* _REQUIRED WORK_:
Omit the pictures and copy the entries exactly.

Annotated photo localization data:
══════

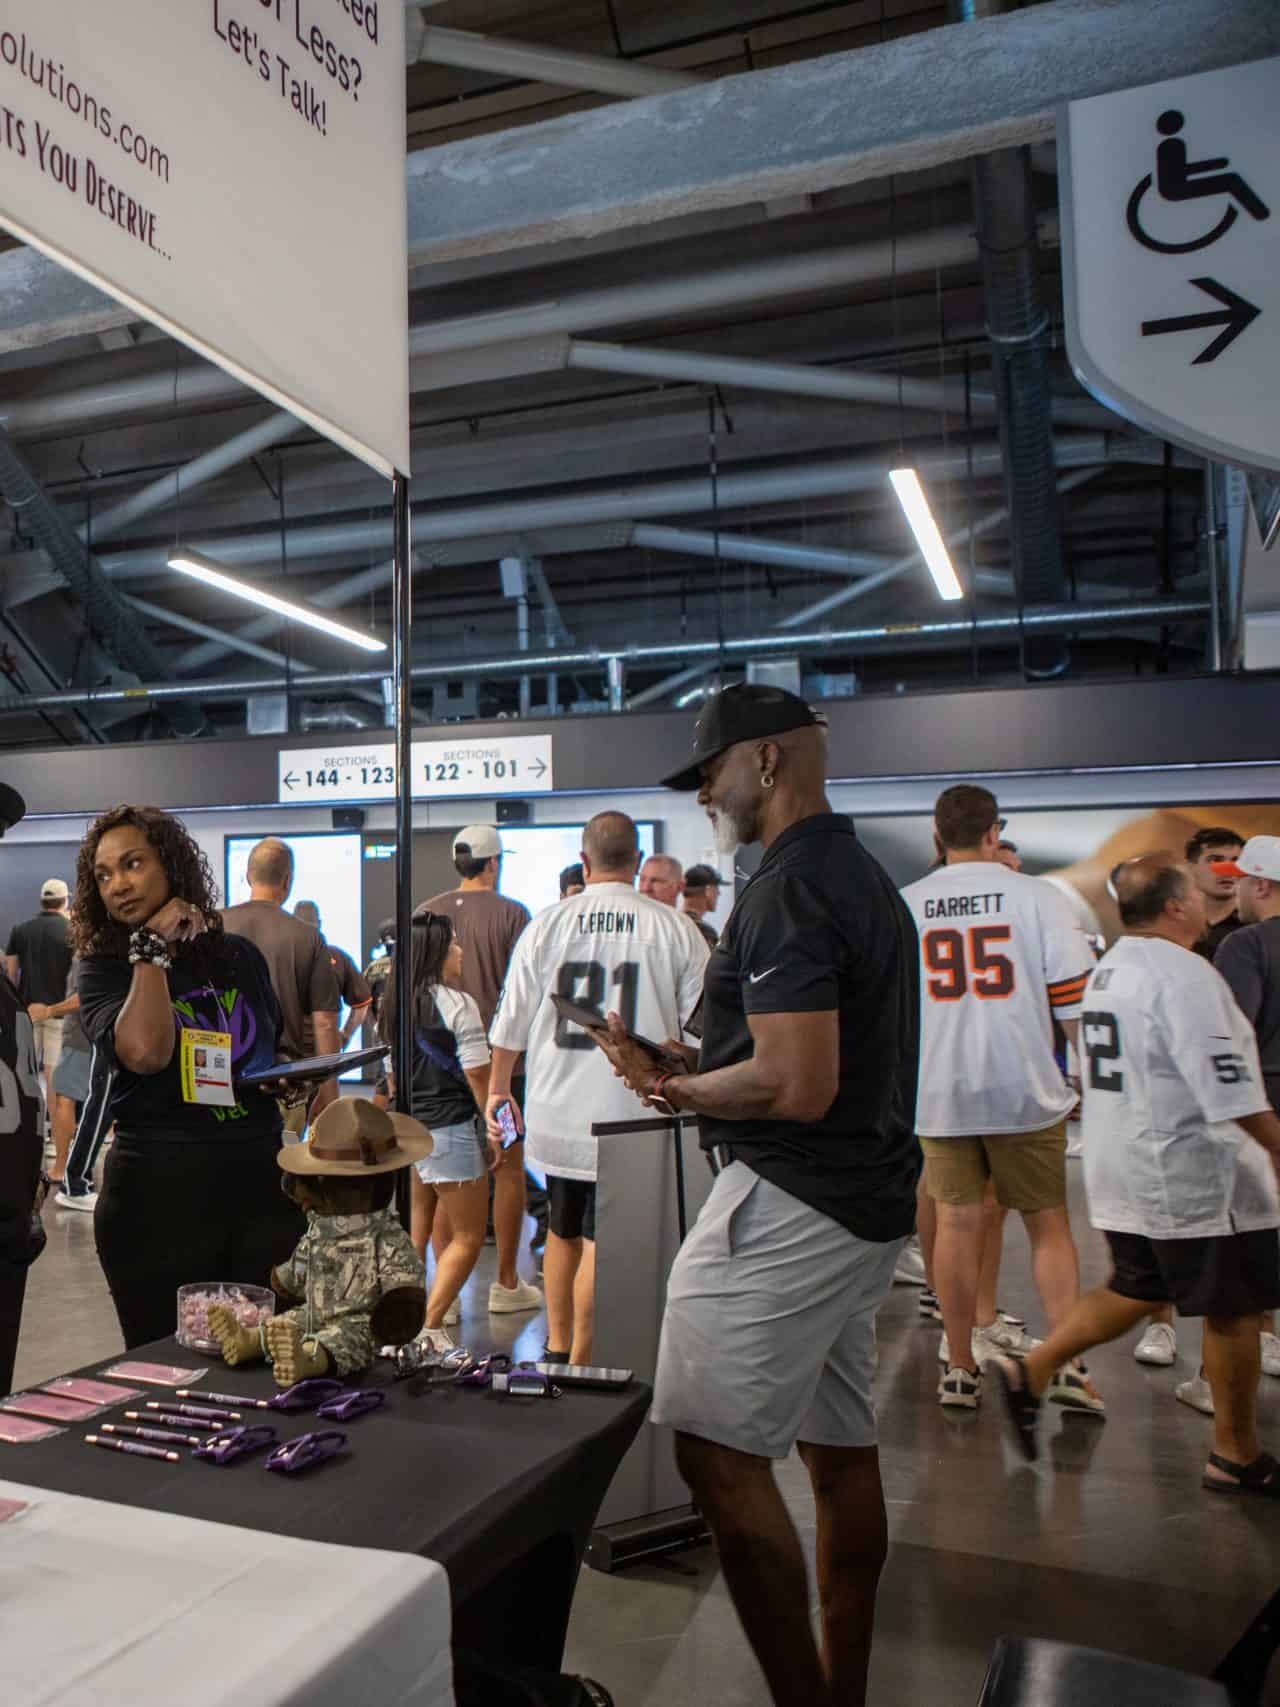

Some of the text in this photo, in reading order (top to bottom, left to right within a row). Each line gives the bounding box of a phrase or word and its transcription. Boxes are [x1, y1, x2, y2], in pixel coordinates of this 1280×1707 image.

[296, 0, 363, 101] Less?
[213, 0, 326, 136] Let's Talk!
[324, 755, 377, 768] SECTIONS
[443, 749, 501, 762] SECTIONS
[306, 769, 339, 787] 144
[361, 767, 395, 785] 123
[424, 762, 460, 782] 122
[483, 759, 518, 779] 101
[924, 893, 1005, 919] GARRETT
[922, 924, 1015, 1002] 95

══════

* _ANSWER TO THIS PROBLEM_:
Some of the text in this photo, in reading order (top to bottom, left to right within a row). Each line gives the bounding box of a phrase or word and its transcription. Boxes are [x1, y1, x2, y2], in pixel coordinates of this 1280×1707 image.

[296, 0, 363, 101] Less?
[213, 0, 326, 136] Let's Talk!
[324, 755, 377, 768] SECTIONS
[443, 749, 501, 762] SECTIONS
[306, 769, 339, 787] 144
[361, 767, 395, 785] 123
[424, 762, 460, 782] 122
[483, 759, 518, 779] 101
[924, 893, 1005, 919] GARRETT
[922, 924, 1015, 1002] 95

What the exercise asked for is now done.